This past weekend, Remembrance Sunday was markedly different from previous years with the public being urged to stay home in light of the coronavirus pandemic.
In normal circumstances, I would have joined with the community at the Remembrance service at the war memorial in Kilwinning to lay a wreath to pay respects to those who lost their lives in the two World Wars and subsequent conflicts. This year I, like many others I paid my respects differently, attending alone to place a wreath in memory of the fallen.
These services are important, and I fully understand the disappointment felt by those who were not able to attend in the usual way. This year all of our lives are markedly different and all are making sacrifices as we work together to minimise the harms caused by the coronavirus pandemic.
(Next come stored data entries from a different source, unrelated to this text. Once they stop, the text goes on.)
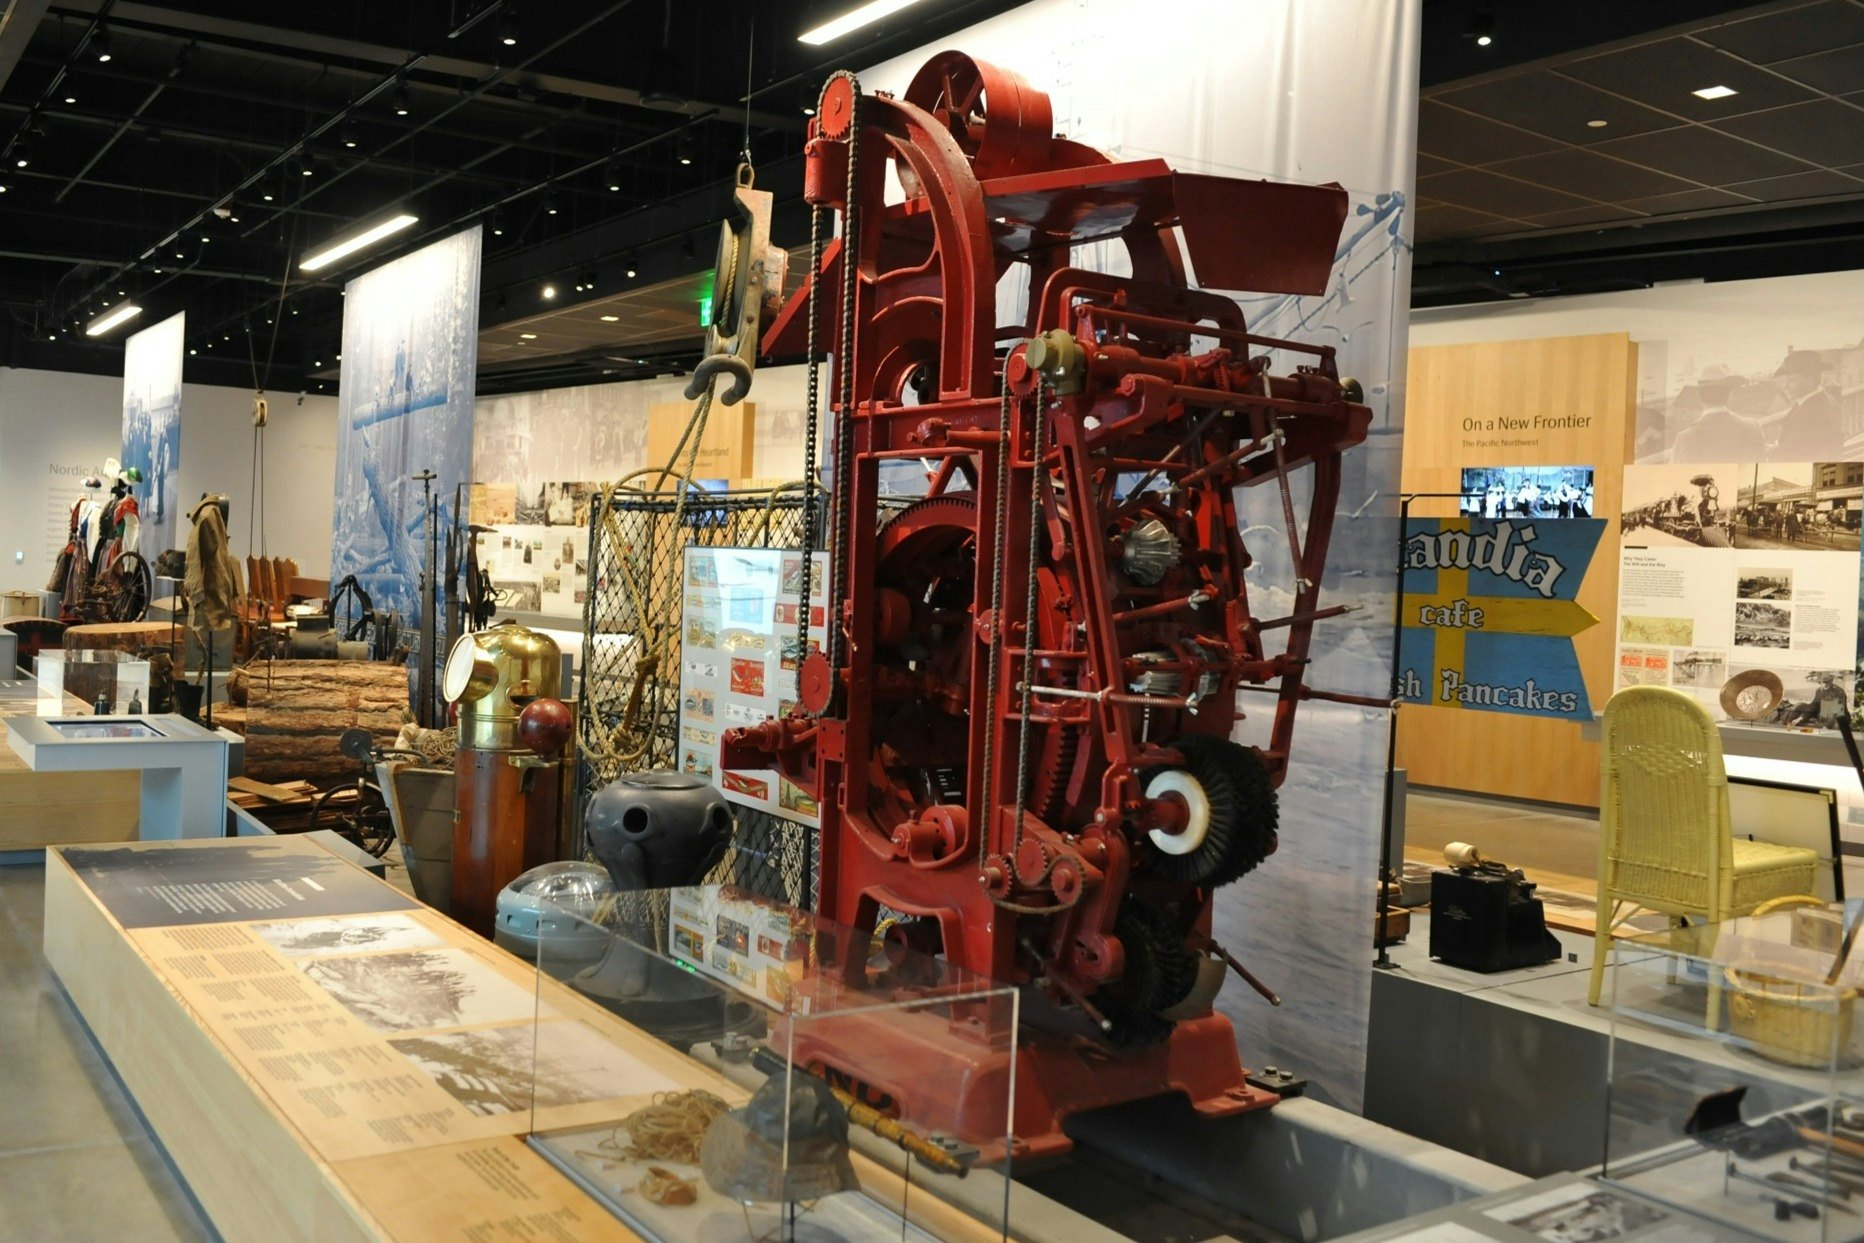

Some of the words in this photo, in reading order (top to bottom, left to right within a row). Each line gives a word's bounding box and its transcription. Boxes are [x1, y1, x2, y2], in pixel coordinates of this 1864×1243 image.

[1462, 417, 1482, 432] On
[1486, 420, 1494, 431] a
[1498, 416, 1530, 430] New
[1533, 414, 1592, 429] Frontier
[1462, 440, 1475, 448] The
[1476, 439, 1499, 448] Pacific
[1501, 438, 1539, 447] Northwest
[49, 464, 89, 477] Nordic
[1397, 520, 1567, 599] andia
[1419, 598, 1485, 629] cafe
[1440, 667, 1579, 713] Pancakes
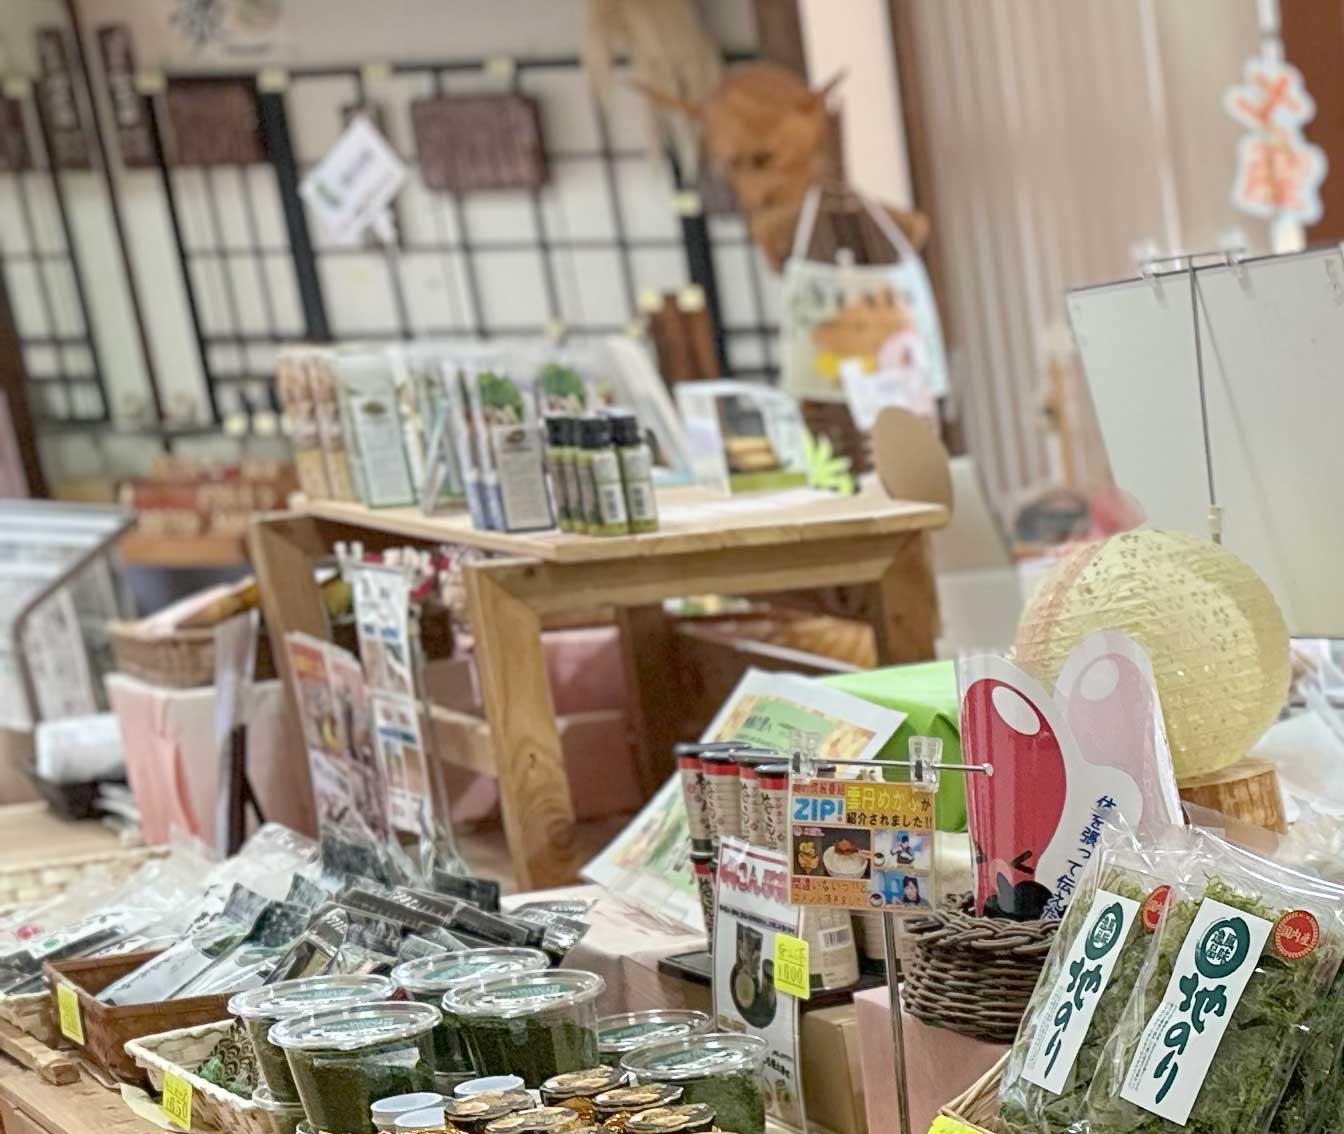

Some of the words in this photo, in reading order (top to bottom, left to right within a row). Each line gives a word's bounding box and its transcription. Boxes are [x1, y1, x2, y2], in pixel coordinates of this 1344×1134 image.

[1044, 956, 1103, 1079] 地のり
[1153, 972, 1228, 1105] 地のり
Poppy Scotland have been able to continue their fundraising activities online and have a local team who are working remotely to offer support to the military community across Ayrshire who need assistance with issues such as housing, employment, education, finance, mobility and mental health.
The commemoration of Armistice Day when the guns fell silent in 1918 becomes more important with every year as the horrors of the First World War fade from living memory. Scores of young men from Ayrshire made great personal sacrifice by enlisting to serve in France and Belgium, never to return.
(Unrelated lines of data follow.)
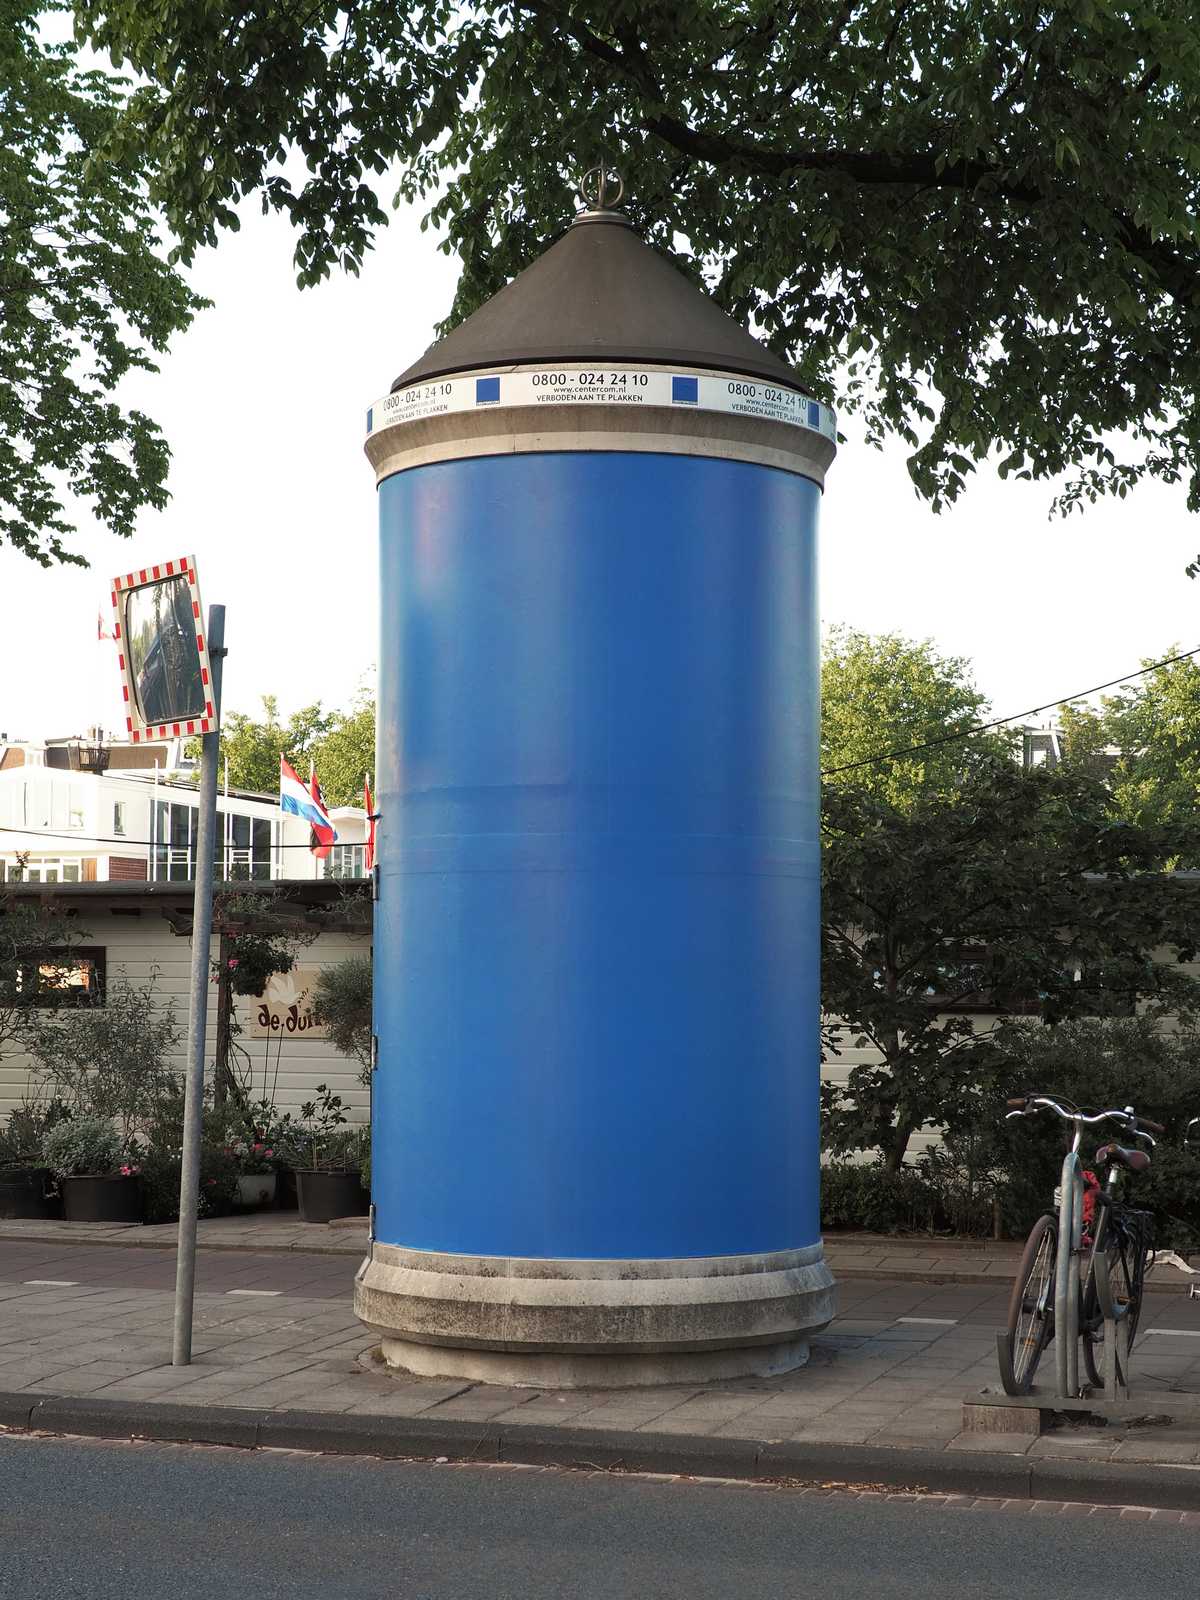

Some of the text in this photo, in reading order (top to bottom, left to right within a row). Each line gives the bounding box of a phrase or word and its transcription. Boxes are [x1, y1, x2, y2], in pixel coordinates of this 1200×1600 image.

[532, 373, 566, 386] 0800
[579, 373, 605, 385] 024
[610, 373, 627, 385] 24
[632, 374, 648, 386] 10
[405, 389, 421, 404] 024
[425, 386, 436, 399] 24
[440, 383, 452, 396] 10
[536, 393, 643, 402] VERBODEN AAN TE PLAKKEN
[728, 382, 756, 397] 0800
[764, 388, 782, 403] 024
[785, 393, 795, 407] 24
[798, 398, 807, 410] 10
[731, 403, 764, 415] VERBODEN
[764, 409, 776, 417] AAN
[776, 411, 783, 419] TE
[256, 1004, 280, 1031] de
Among the 115 people from Kilwinning who lost their lives in the First World War was Duncan Currie. He was a footballer who after playing for Kilwinning Rangers, moved to Heart of Midlothian where in 1914, he and 15 of his teammates enlisted in the McRae’s Battalion, becoming the first football team to sign up en masse to serve in the war. They were comfortably leading in the Scottish First Division at the time, a fact which perhaps illustrates even more sharply their sense of duty and service.
Duncan Currie was among the thousands to be killed on the first day of the Somme in 1916.
The National Records of Scotland host a fascinating online archive of letters and correspondence from soldiers who fought at the Somme. These immortalise the realities of life in the trenches during the fighting which serve as a stark reminder that the war was a dehumanising endeavour which in itself should not be glorified but remembered for the tragedy that it was.
It is with the young men who died hundreds of miles from home, and those who returned physically and mentally traumatised my thoughts will be when we pause in silence at the eleventh hour on the eleventh day this November. In remembrance of their great sacrifice and hopes of peace.